Exercise description:
Your copy should match the records below word for word and contain no pictures.

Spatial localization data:

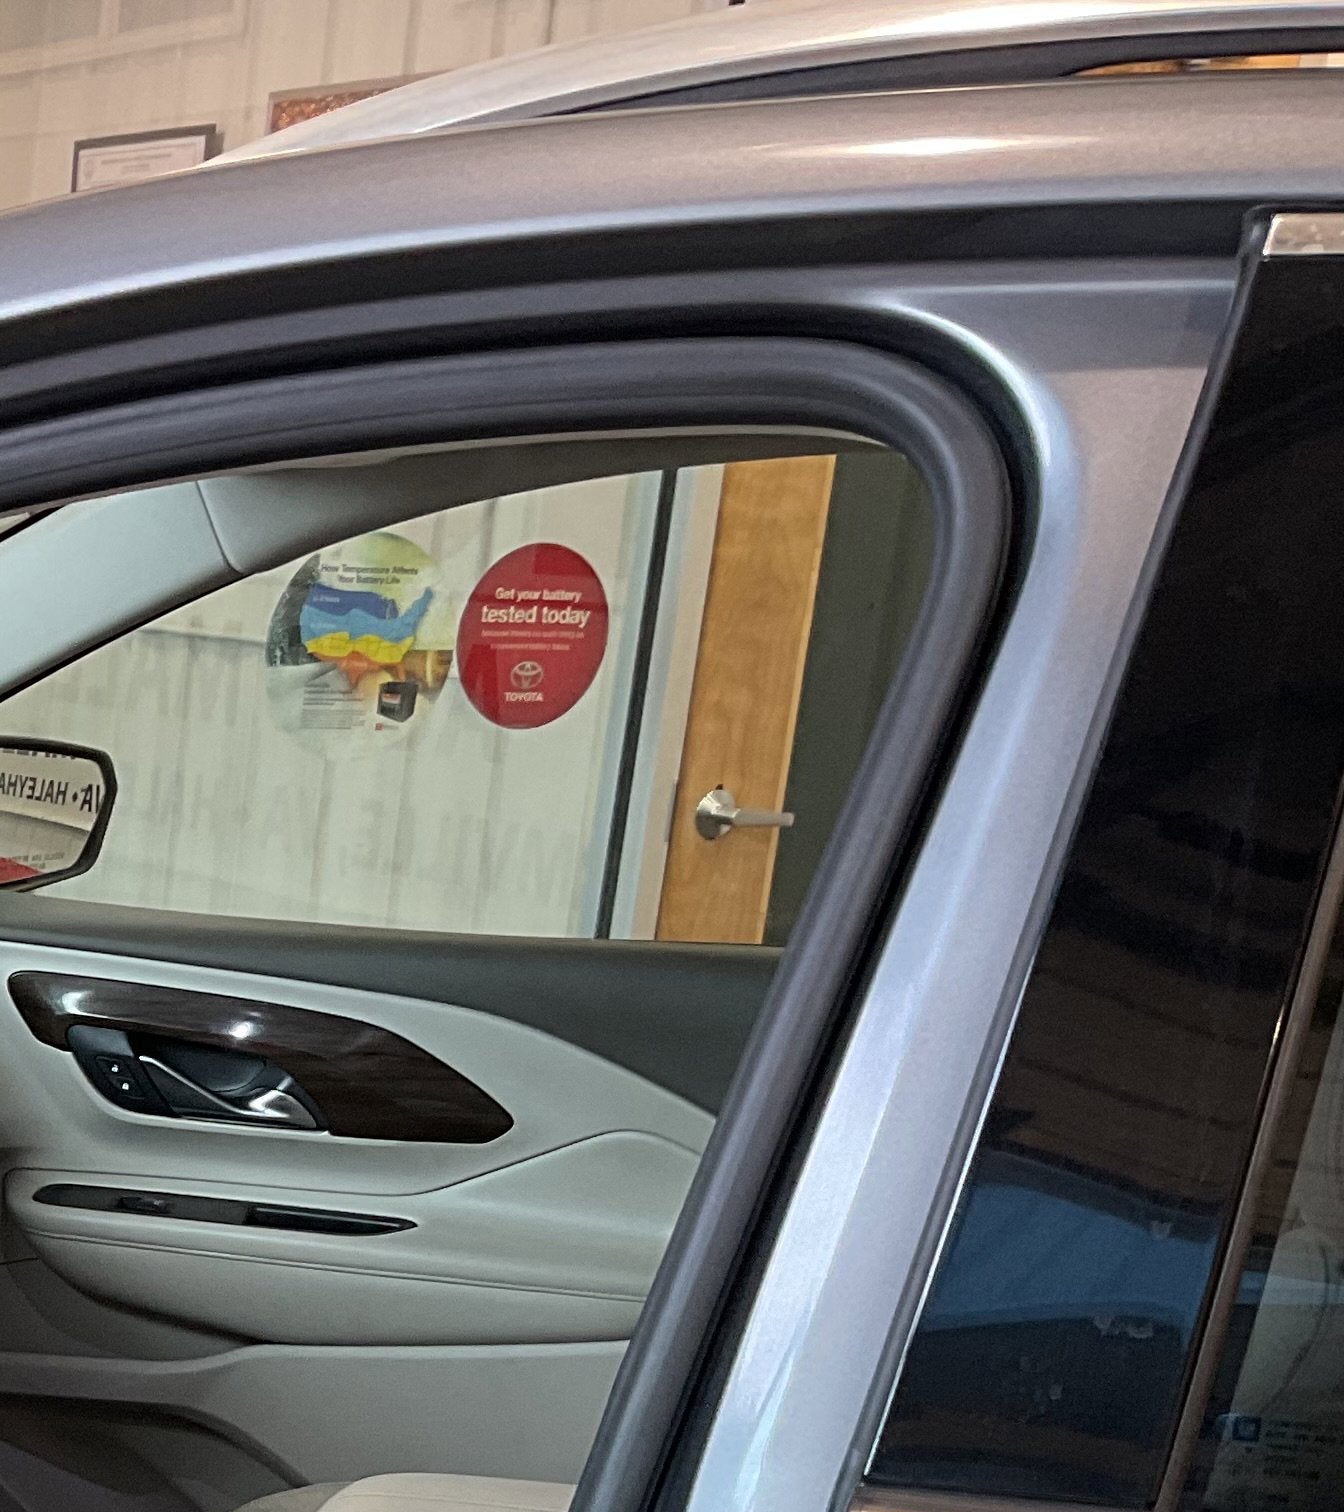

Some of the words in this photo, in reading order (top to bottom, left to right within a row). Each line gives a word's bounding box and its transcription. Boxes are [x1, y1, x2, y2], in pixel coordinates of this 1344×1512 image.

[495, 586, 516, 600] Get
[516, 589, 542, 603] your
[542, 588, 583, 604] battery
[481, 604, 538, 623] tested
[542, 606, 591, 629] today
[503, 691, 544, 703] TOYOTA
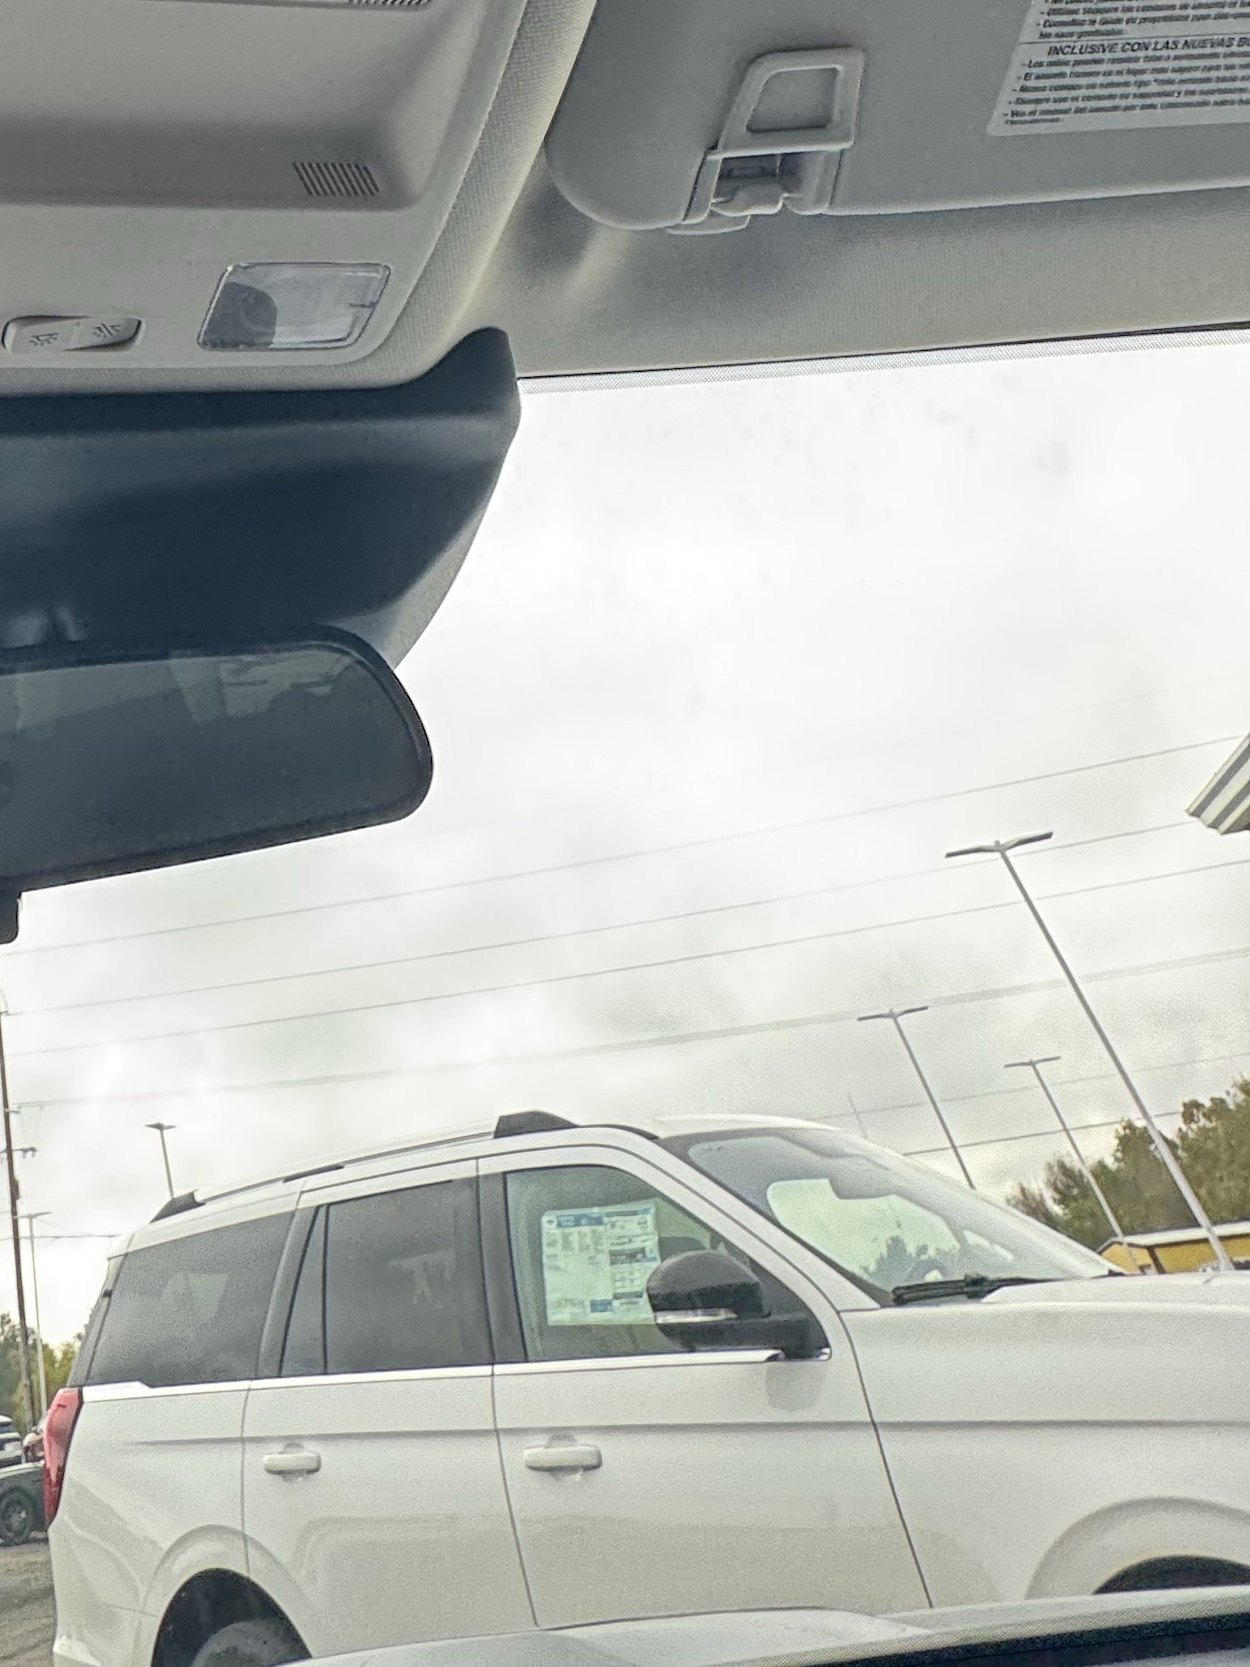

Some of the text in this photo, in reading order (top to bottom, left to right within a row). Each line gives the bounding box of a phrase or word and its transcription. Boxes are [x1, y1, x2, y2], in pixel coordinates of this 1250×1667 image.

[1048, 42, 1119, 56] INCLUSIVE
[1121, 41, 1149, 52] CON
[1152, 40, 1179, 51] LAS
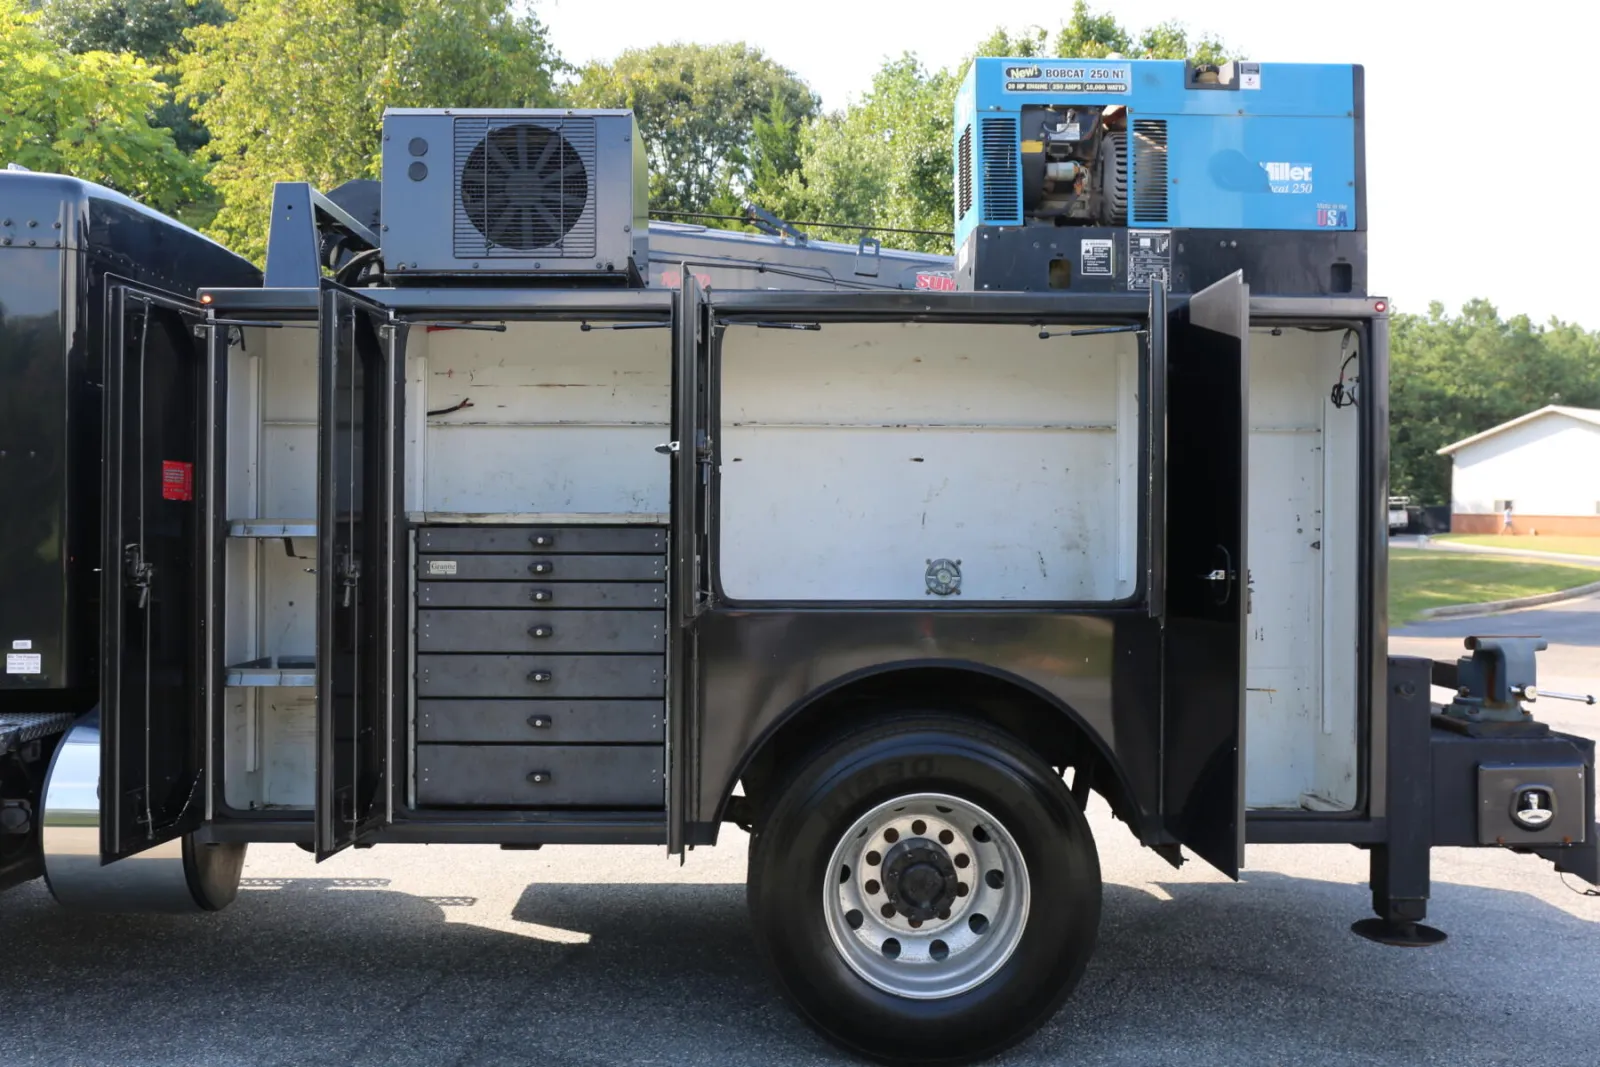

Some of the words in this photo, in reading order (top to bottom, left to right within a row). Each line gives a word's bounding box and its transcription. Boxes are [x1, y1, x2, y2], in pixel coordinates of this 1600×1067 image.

Task result:
Some of the words in this photo, in reading order (top to bottom, left to right within a row). Each line gives a word's bounding box and its transcription. Boxes are [x1, y1, x2, y2], in pixel coordinates of this 1344×1512 image.

[495, 586, 516, 600] Get
[516, 589, 542, 603] your
[542, 588, 583, 604] battery
[481, 604, 538, 623] tested
[542, 606, 591, 629] today
[503, 691, 544, 703] TOYOTA

Some of the text in this photo, in reading order (top to bottom, left to right within a row). Each line gives the bounding box of a phrase or word and its transcription. Boxes are [x1, y1, x2, y2], in pixel coordinates of this 1250×1667 image.

[1048, 42, 1119, 56] INCLUSIVE
[1121, 41, 1149, 52] CON
[1152, 40, 1179, 51] LAS

Some of the words in this photo, in reading order (top to bottom, left to right within a row). Each line gives a word's bounding box and its transcription. Boxes are [x1, y1, x2, y2], in pixel coordinates of this 1600×1067 image.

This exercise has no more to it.